For the sake of avoiding confusion, it would be useful to point out here that there were two Helene Bohnstedts in this family; Helene Hedwig Aline Bohnstedt, born 1892 and Hedwig Helene Ingeborg Bohnstedt, born 1894, both daughters of Wilhelm and Martha Bohnstedt, and younger sisters of Gottfried Bohnstedt. In this case we are talking about the older of the two, Helene Hedwig Aline.
It appears that after moving Helene married Karl Bender, a Los Angeles businessman. The Mitglieder de Bohnstedt'schen Familien-Verbandes März 1938 listed "Helene Bender geb. Bohnstedt" at 12615 Long Beach Blvd. I visited this address in Lynwood California near Los Angeles, but where this address should be there is only an asphalt parking lot. It is possible that a house or apartment building once stood there, but was removed years later.
Helene Bender, Gottfried's sister, at the Odin Street house in 1964. Picture provided by Martin Bohnstedt
Helene must still have been in Los Angeles in 1939 because she is listed in the 1939 Stammbaum as being married to Karl Bender, a "kaufmann" (businessman) in "Lynwood Cal."
Apparently Gottfried's brother, Werner, was also in Los Angeles, at least for a short time. He appears in the 1932 Los Angeles city directory, listed as an assistant manager at J.H. Weber (the noodle company). He does not appear in any other directories, and whether or not he stayed in California or moved back to Germany remains unknown.
Hans Joachim Bohnstedt was listed in the Mitglieder de Bohnstedt'schen Familien-Verbandes März 1938 as "Kaufmann (businessman Hans Joachim Bohnstedt, Los Angeles (Californien) 780 Kensington Rd." Today this address is actually designated 780 N. East Kensington Rd., and is near central Los Angeles where Hans worked for several years as an auto mechanic.
The house at this address still stands, but over the decades this neighborhood has deteriorated. However, at one time this was a fairly nice middle class neighborhood near downtown Los Angeles. Nearby this address is an area with several elegant, protected, landmark homes called the "Carroll Ave. Homes".

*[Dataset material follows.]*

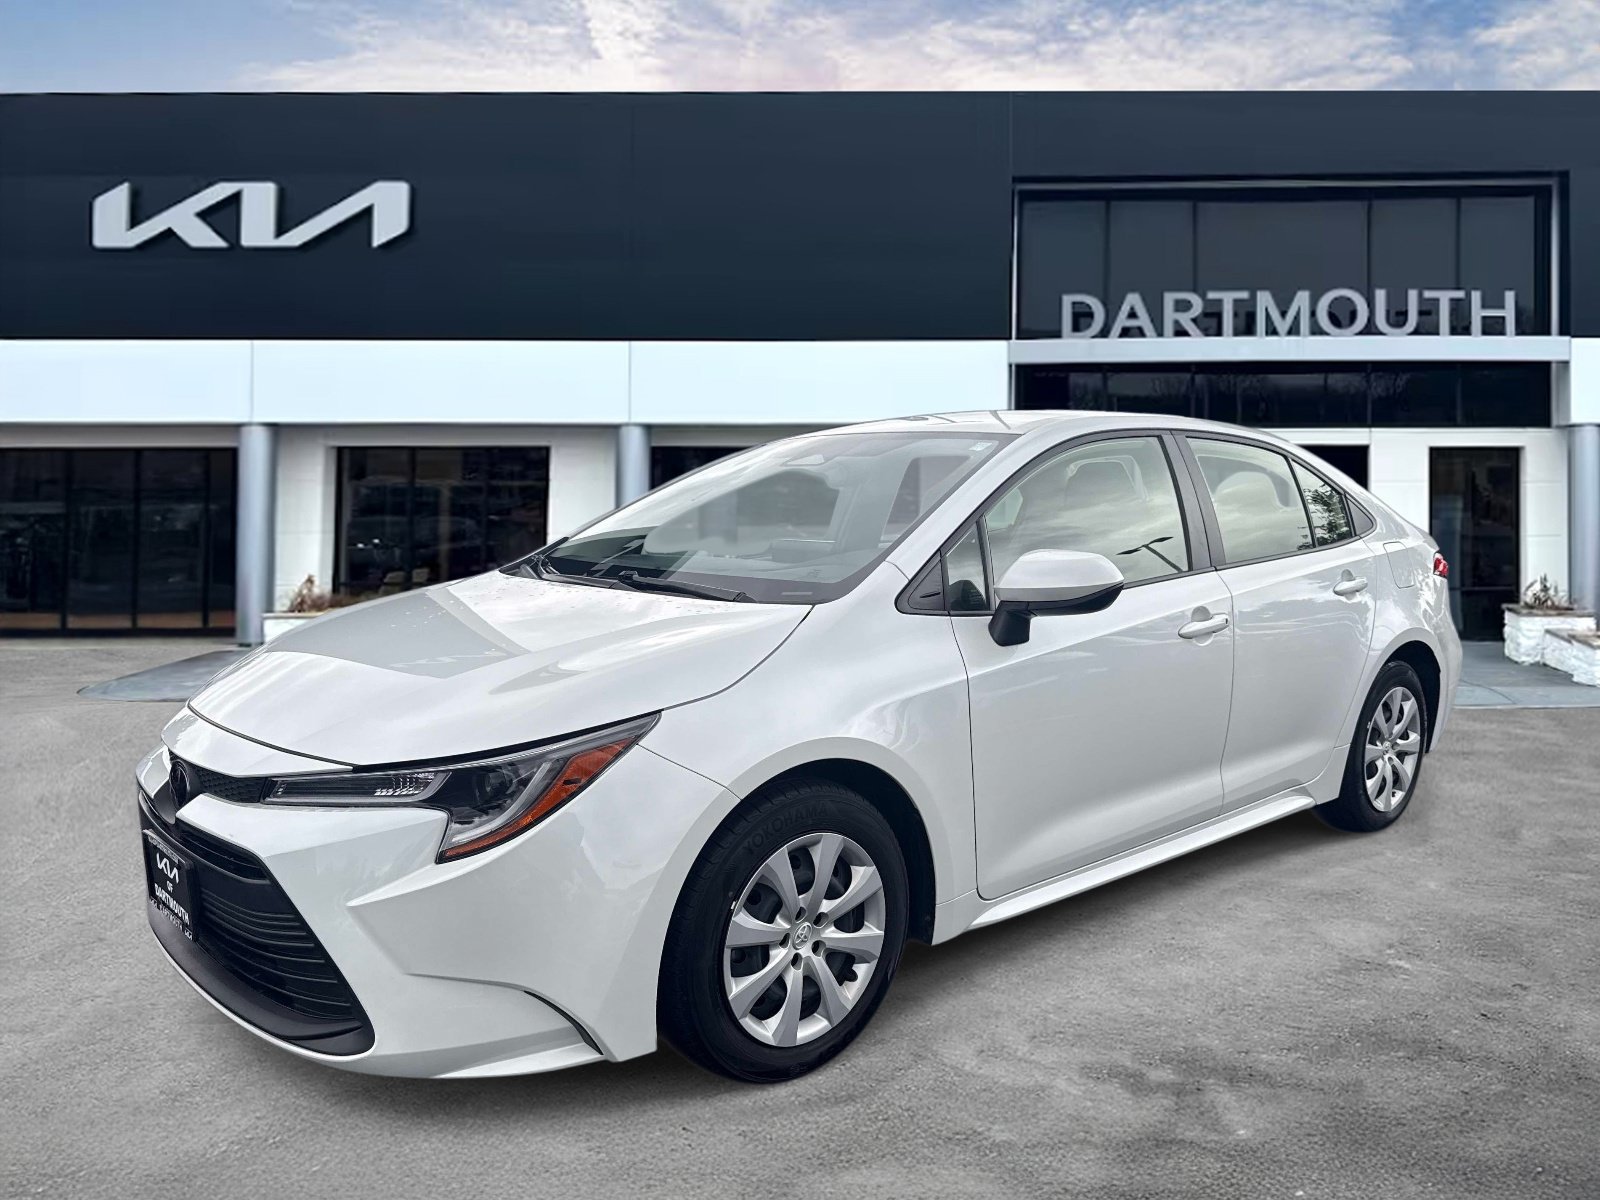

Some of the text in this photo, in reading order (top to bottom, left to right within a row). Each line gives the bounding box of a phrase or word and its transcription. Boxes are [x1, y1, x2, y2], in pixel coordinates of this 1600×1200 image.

1. 780 N. East Kensington Road, the home address of Hans Bohnstedt in 1938
2. View of downtown Los Angeles from N. East Kensington Road
Looking through records it becomes apparent that Hans and Elsie were married in 1927 in Santa Ana, probably near Hans' brother Gottfried. Going back through the old Los Angeles City directories we first find Hans Bohnstedt listed in 1929, almost 20 years after his older brother, Gottfried, arrived in Los Angeles. He is listed as a foreman for G.W. Bohnstedt, an obvious reference to Gottfried. But he is also listed with his wife, Elsie. Although Hans must have worked for Gottfried for a short time, the next year he is listed as a "master mechanic", and the year after that, as an "auto mechanic". During these years (1929, 1930, 1931) Hans and Elsie are listed as residing at 415 S. Lake in Los Angeles. Where this address should be is in a hilly district near central downtown Los Angeles. There is no longer a house here, but a paved parking lot for a medical facility.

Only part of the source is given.